Re: [PATCH 0/1] Rosebush, a new hash table

Kent Overstreet <kent.overstreet@xxxxxxxxx> · Sun, 25 Feb 2024 16:48:25 -0500

On Sun, Feb 25, 2024 at 02:47:45PM +0000, David Laight wrote:
> From: Kent Overstreet
> > Sent: 25 February 2024 03:19
> ..
> > when I implemented cuckoo (which is more obviously sensitive to a weak
> > hash function), I had to go with siphash, even jhash wasn't giving me
> > great reslts. and looking at the code it's not hard to see why, it's all
> > adds, and the rotates are byte aligned... you want mixed adds and xors
> > and the rotates to be more prime-ish.
> > 
> > right idea, just old...
> > 
> > what would be ideal is something more like siphash, but with fewer
> > rounds, so same number of instructions as jhash. xxhash might fit the
> > bill, I haven't looked at the code yet...
> 
> There is likely to be a point where scanning a list of values
> for the right hash value is faster than executing a hash function
> that is good enough to separate them to separate buckets.

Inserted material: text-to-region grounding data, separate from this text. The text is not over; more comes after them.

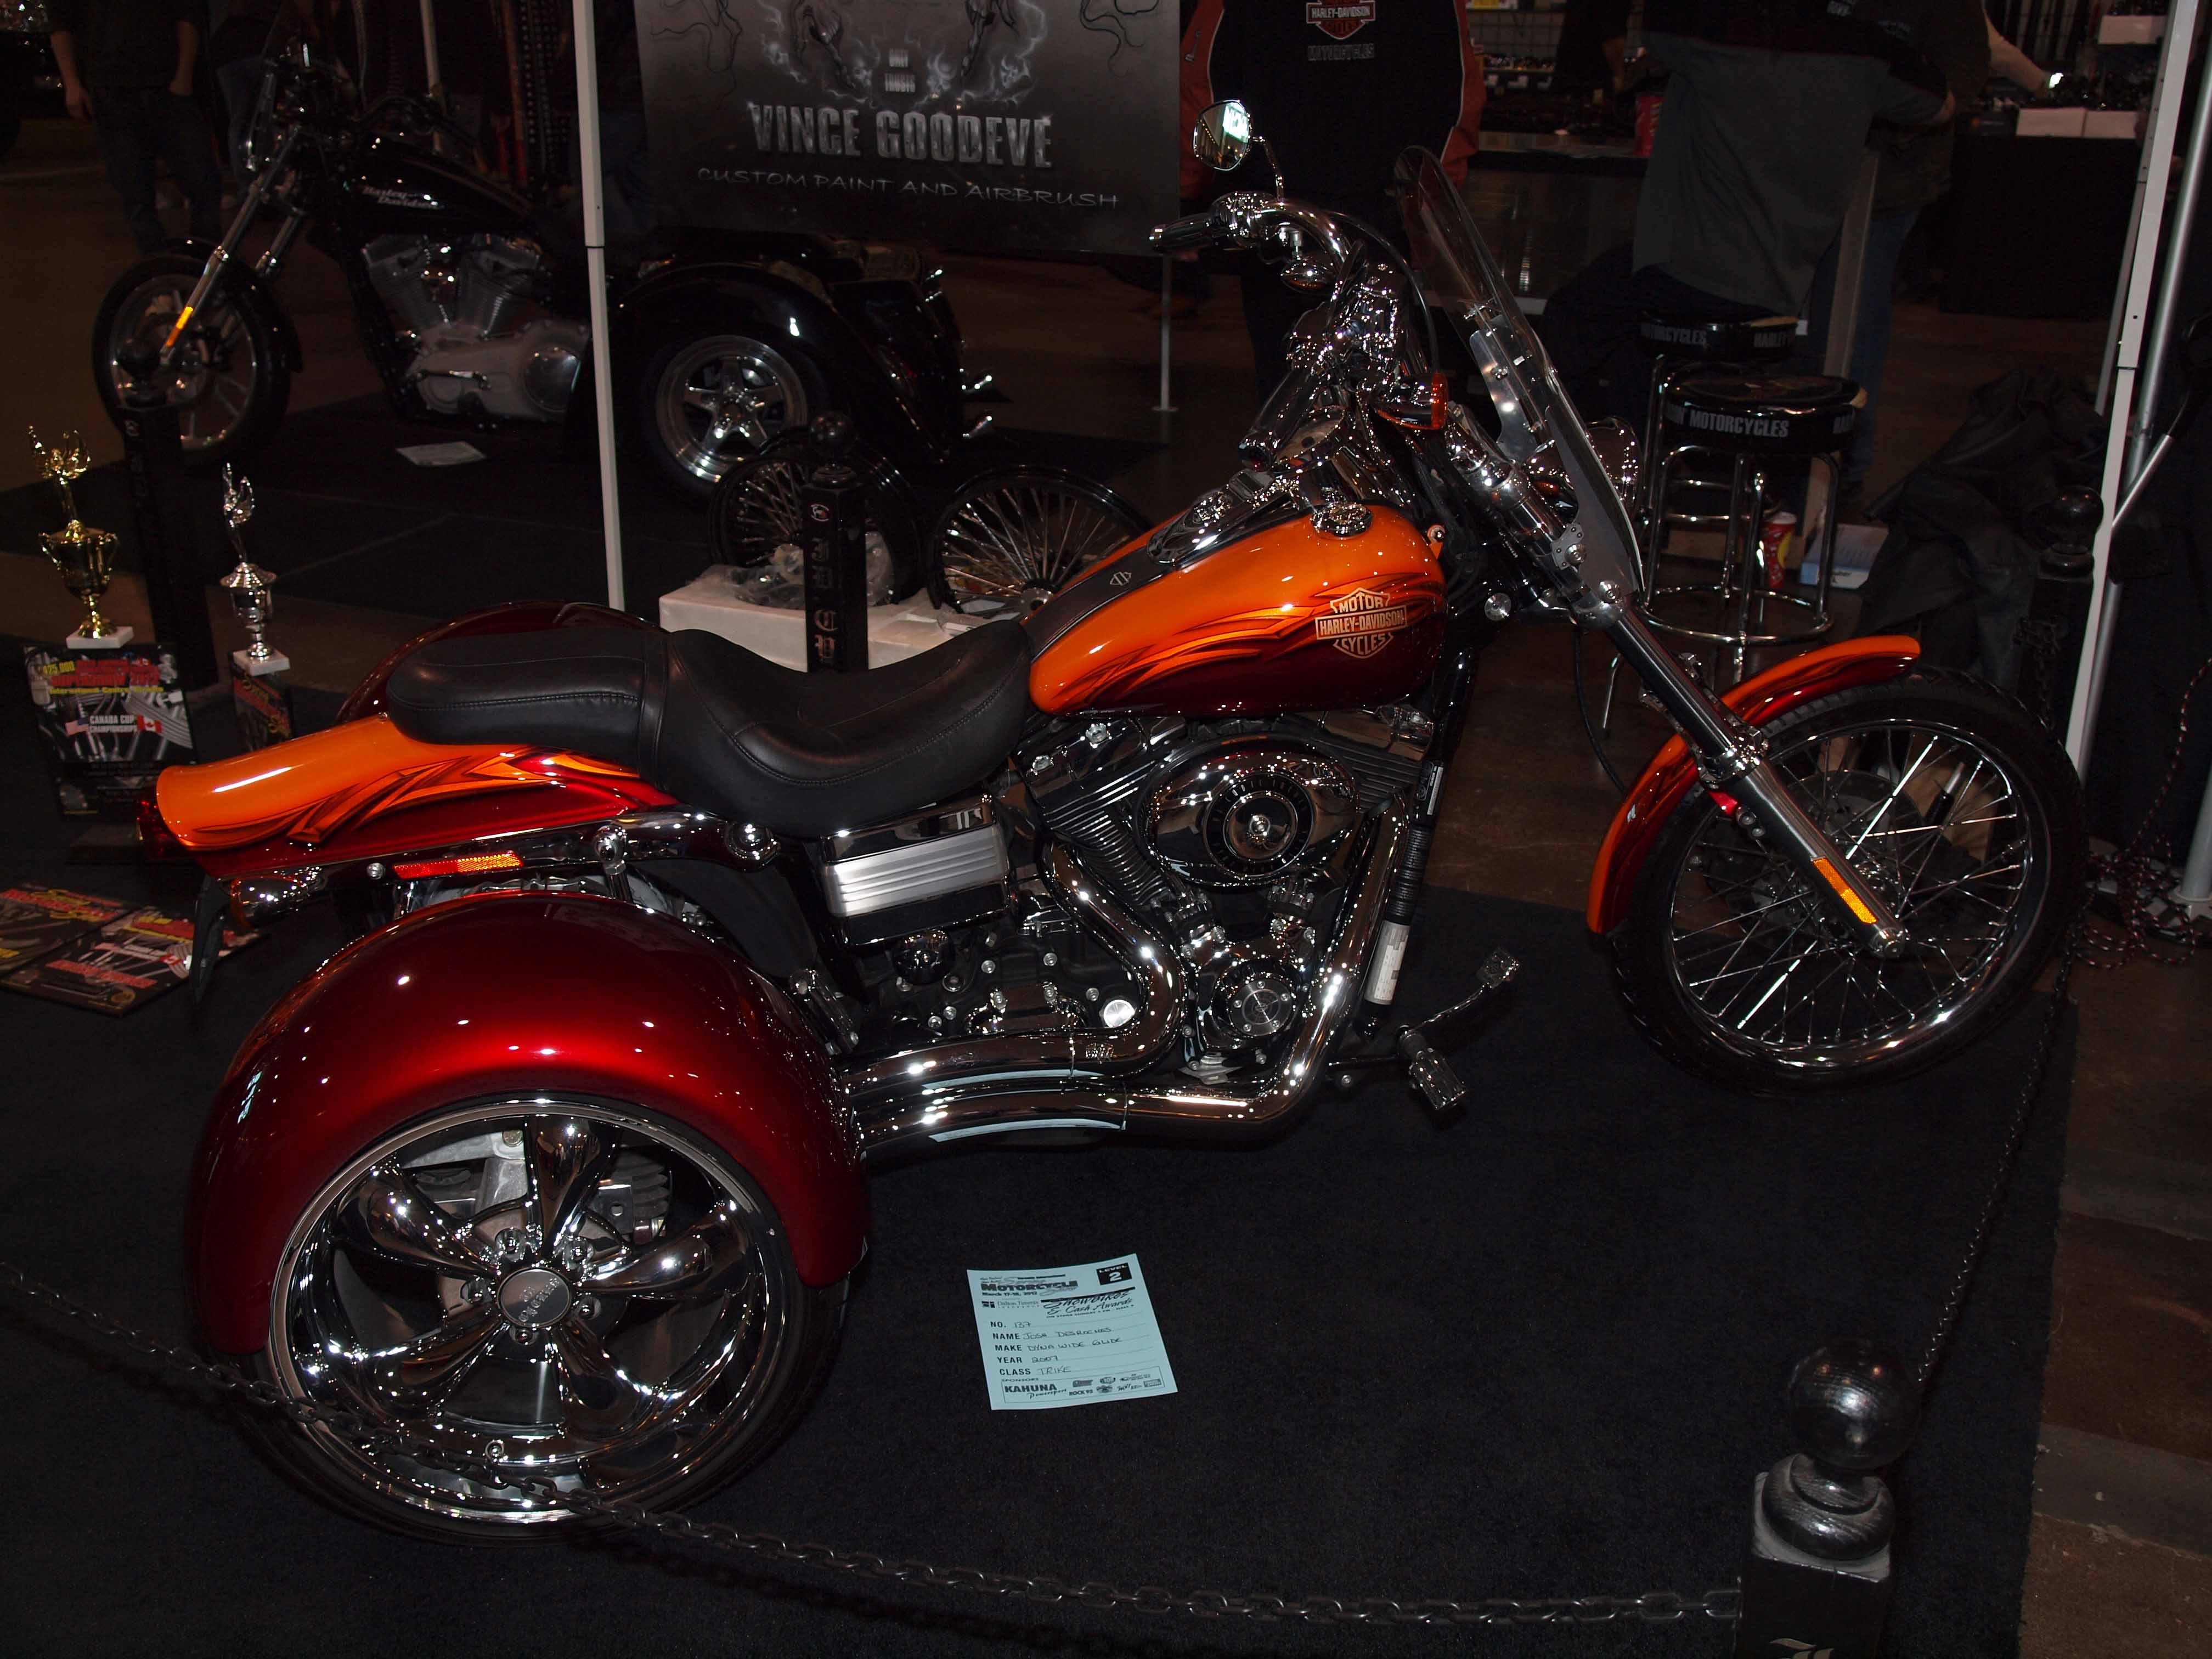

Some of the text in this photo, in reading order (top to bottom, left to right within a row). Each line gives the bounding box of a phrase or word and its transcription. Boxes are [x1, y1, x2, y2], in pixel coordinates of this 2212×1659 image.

[748, 103, 1052, 168] VINCE GOODEVE
[697, 167, 1119, 208] CUSTOM PAINT AND AIRBRUSH
[1689, 410, 1791, 438] MOTORCYCLES
[1339, 591, 1384, 613] MOTOR
[1319, 609, 1404, 636] HARLEY-DAVIDSON
[1341, 633, 1386, 655] CYCLES
[1109, 1272, 1122, 1282] 2
[1065, 1305, 1090, 1313] Cash
[1093, 1297, 1132, 1311] Awards
[1092, 1338, 1123, 1346] GLIDE
[1031, 1355, 1059, 1363] 2007
[1037, 1365, 1071, 1375] TRIKE
[1005, 1384, 1058, 1393] KAHUNA

Executing a bunch of alu ops that parallelize nicely is _fast_
(it's all xors/adds/rotates, chacha20 is a good example of how
the modern stuff works).

Also, for 2-way cuckoo there's an xor trick so you don't need to compute
a second hash.

But the key thing about cuckoo is that the loads on lookup _aren't
dependent_ - they can run in parallel. Every cache miss that goes all
the way to DRAM is stupidly expensive, remember - hundreds of
instructions, had you been able to keep the pipeline fed.

> You don't want to scan a linked list because they have horrid
> cache footprints.
> The locking is equally horrid - especially for remove.
> Arrays of pointers ar ethe way forward :-)

Well, maybe; I'm waiting to see fill factor numbers and benchmarks. Fill
factor was my concern when I was playing around with the concept; I used
it in a place where the hash table didn't need to be that big, and the
point was to avoid having to separately allocate the entries (and it
avoids the hassle of tombstone entries with linear/quadratic probing).

The fact that it requires a second dependent load, because buckets are
separately allocated, also looks like a big negative to me. I still
think a good lockless cuckoo hashing implementation ought to beat it.